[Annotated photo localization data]

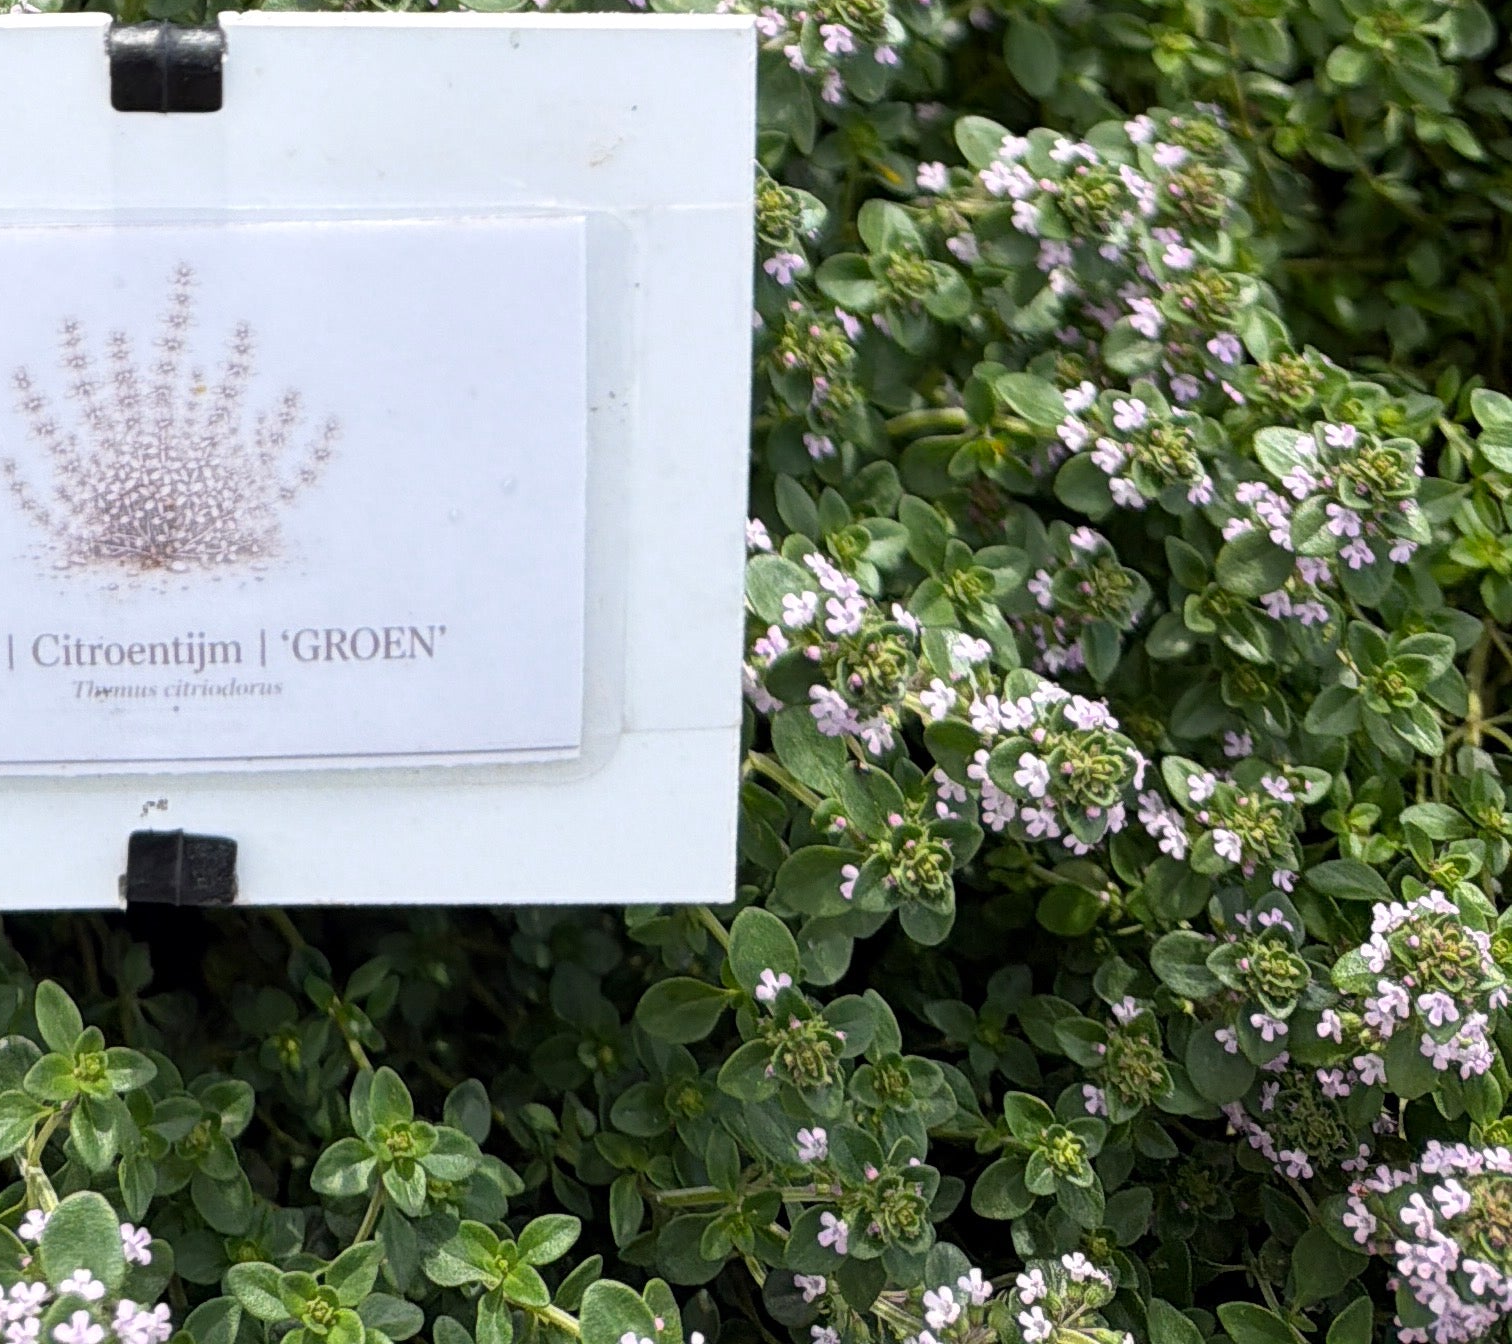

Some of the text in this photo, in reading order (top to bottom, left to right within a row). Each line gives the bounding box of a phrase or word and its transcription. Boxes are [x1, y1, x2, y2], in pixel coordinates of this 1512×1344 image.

[7, 633, 15, 672] |
[31, 631, 243, 675] Citroentijm
[259, 628, 267, 668] |
[72, 677, 283, 699] Thymus citriodorus
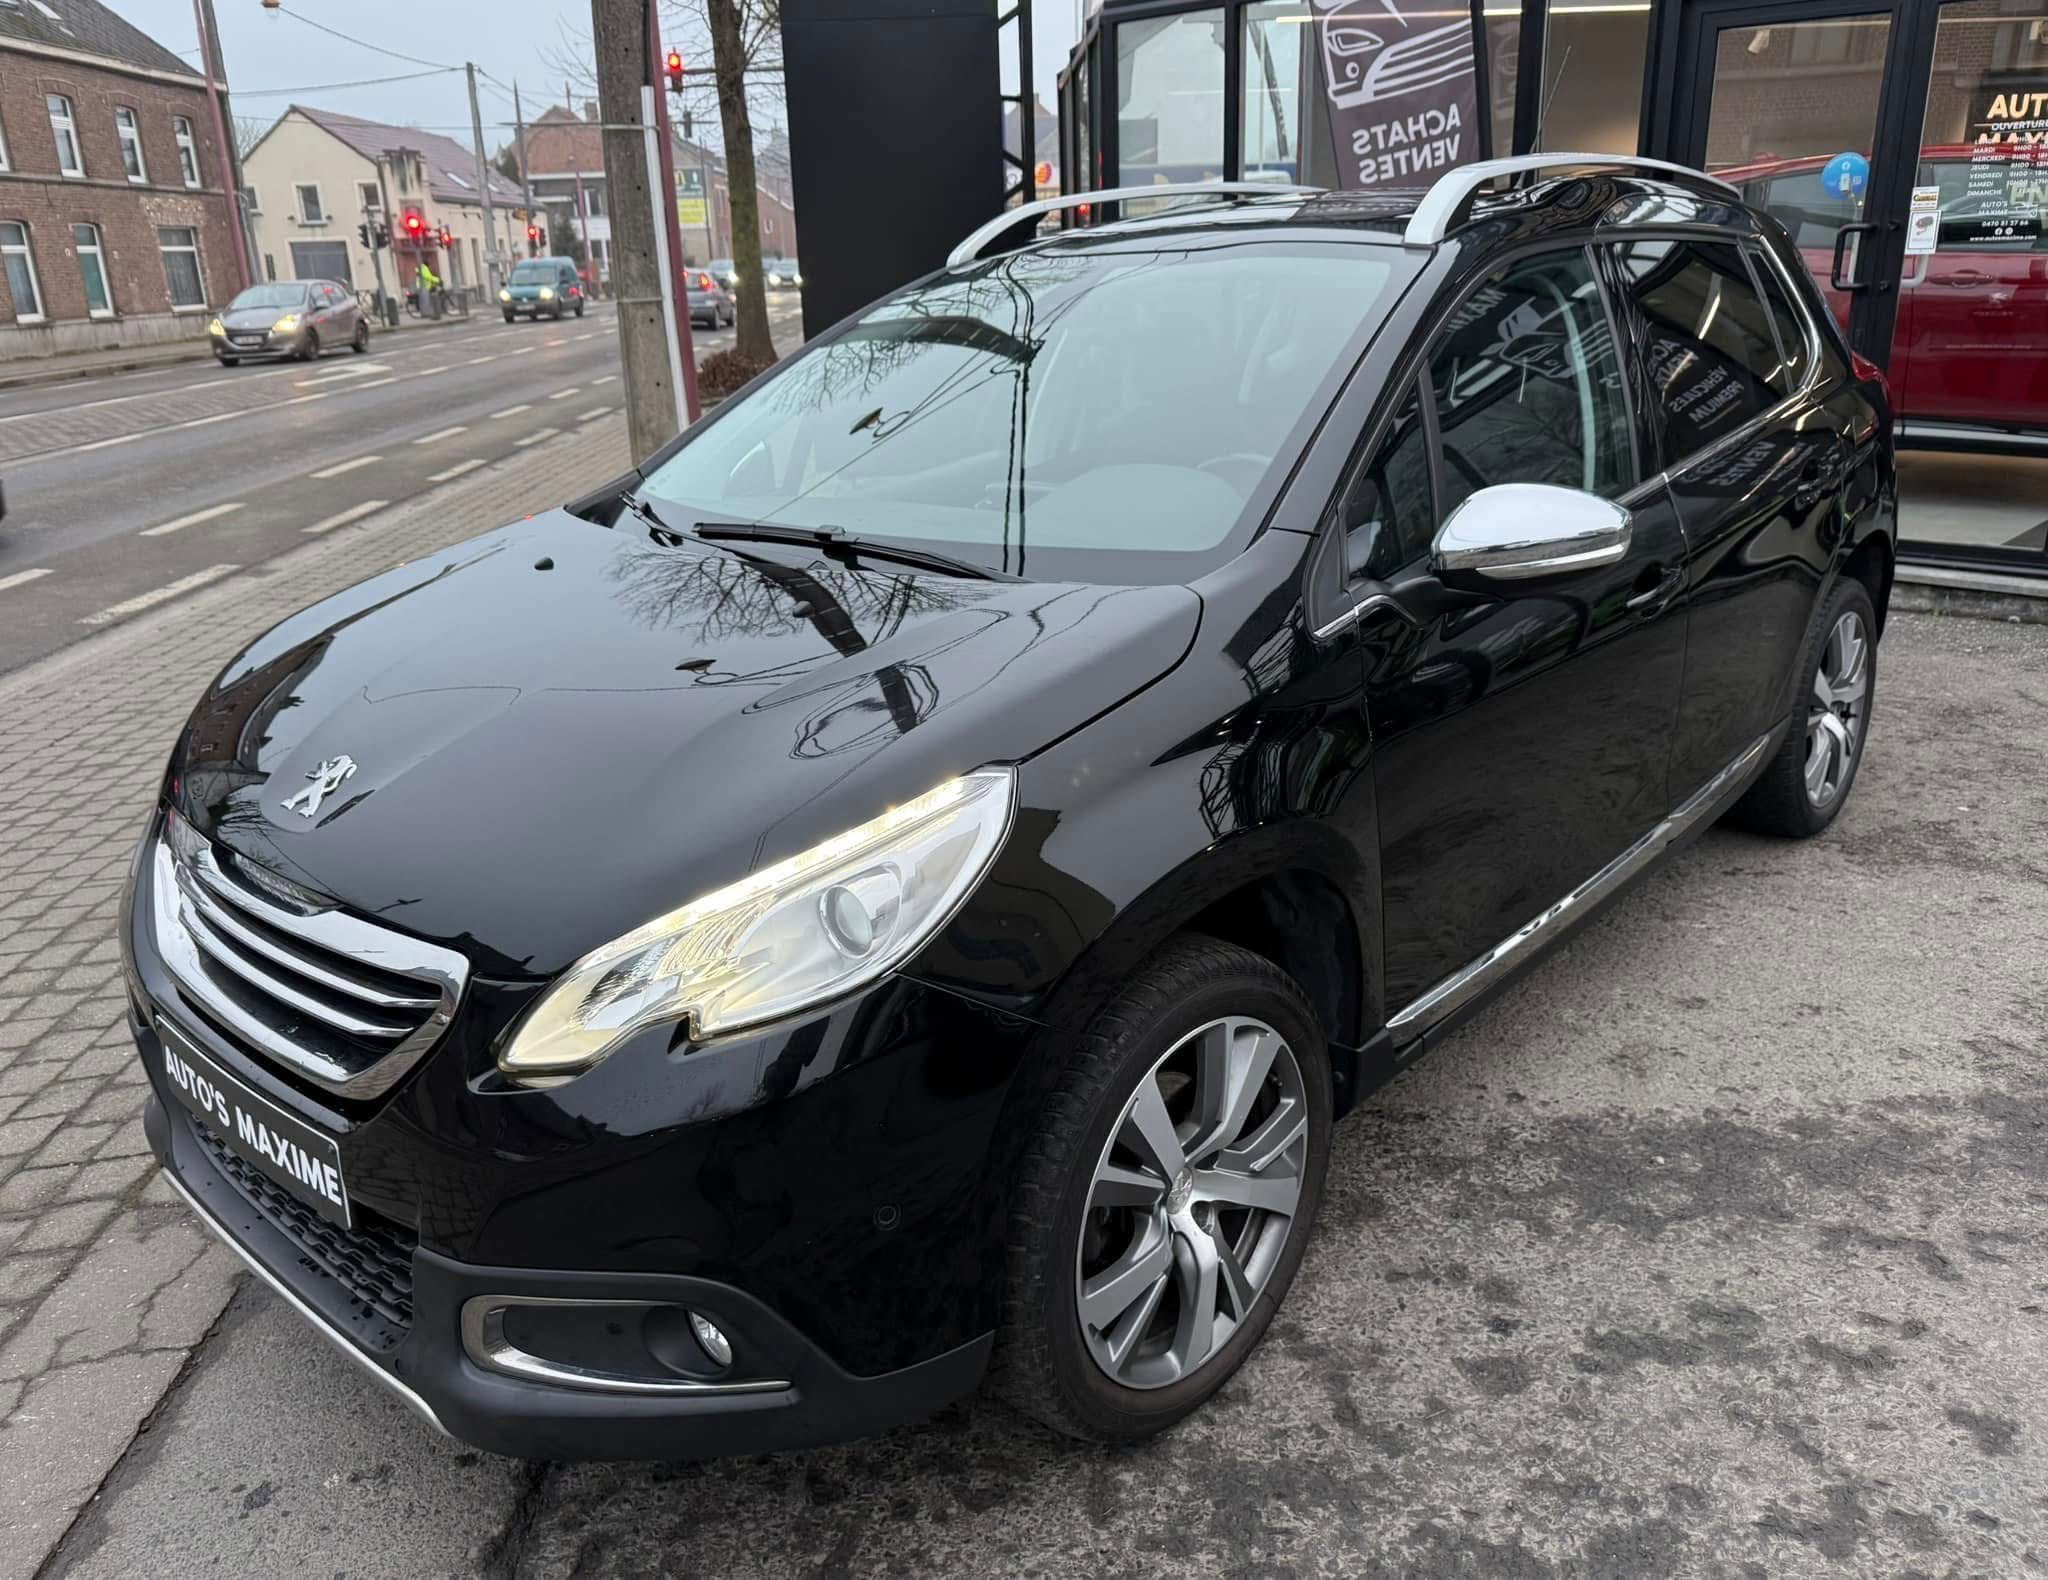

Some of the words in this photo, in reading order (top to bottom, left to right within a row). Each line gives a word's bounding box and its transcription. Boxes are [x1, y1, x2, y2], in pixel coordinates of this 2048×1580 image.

[1986, 93, 2048, 119] AUT
[1968, 180, 1994, 188] SAMEDI
[1967, 189, 2003, 197] DIMANCHE
[165, 1045, 230, 1127] AUTO'S
[235, 1105, 342, 1206] MAXIME

#### WHAT IS REQUIRED
Only the text of the records belongs in your answer, copied exactly as it appears above.

#### SOLUTION BELOW
Some of the text in this photo, in reading order (top to bottom, left to right within a row). Each line gives the bounding box of a phrase or word and its transcription. Boxes are [x1, y1, x2, y2], in pixel coordinates of this 1512×1344 image.

[7, 633, 15, 672] |
[31, 631, 243, 675] Citroentijm
[259, 628, 267, 668] |
[72, 677, 283, 699] Thymus citriodorus

Some of the words in this photo, in reading order (top to bottom, left to right within a row). Each line gives a word's bounding box and its transcription. Boxes are [x1, y1, x2, y2], in pixel coordinates of this 2048×1580 image.

[1986, 93, 2048, 119] AUT
[1968, 180, 1994, 188] SAMEDI
[1967, 189, 2003, 197] DIMANCHE
[165, 1045, 230, 1127] AUTO'S
[235, 1105, 342, 1206] MAXIME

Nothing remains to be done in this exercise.